MATERIAL FOR THIS EXERCISE Block Start

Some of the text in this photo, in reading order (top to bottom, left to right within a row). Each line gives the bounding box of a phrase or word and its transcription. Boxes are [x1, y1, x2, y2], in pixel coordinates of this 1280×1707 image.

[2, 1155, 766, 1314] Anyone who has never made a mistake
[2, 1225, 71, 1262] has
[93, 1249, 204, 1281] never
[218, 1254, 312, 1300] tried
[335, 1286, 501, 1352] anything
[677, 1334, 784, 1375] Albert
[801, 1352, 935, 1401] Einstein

MATERIAL FOR THIS EXERCISE Block End

▸ **ABOUT THIS EXERCISE**: Each line shown above needs to be transcribed exactly.

▸ **THE COMPLETED TASK**:
Some of the text in this photo, in reading order (top to bottom, left to right within a row). Each line gives the bounding box of a phrase or word and its transcription. Boxes are [x1, y1, x2, y2], in pixel coordinates of this 1280×1707 image.

[2, 1155, 766, 1314] Anyone who has never made a mistake
[2, 1225, 71, 1262] has
[93, 1249, 204, 1281] never
[218, 1254, 312, 1300] tried
[335, 1286, 501, 1352] anything
[677, 1334, 784, 1375] Albert
[801, 1352, 935, 1401] Einstein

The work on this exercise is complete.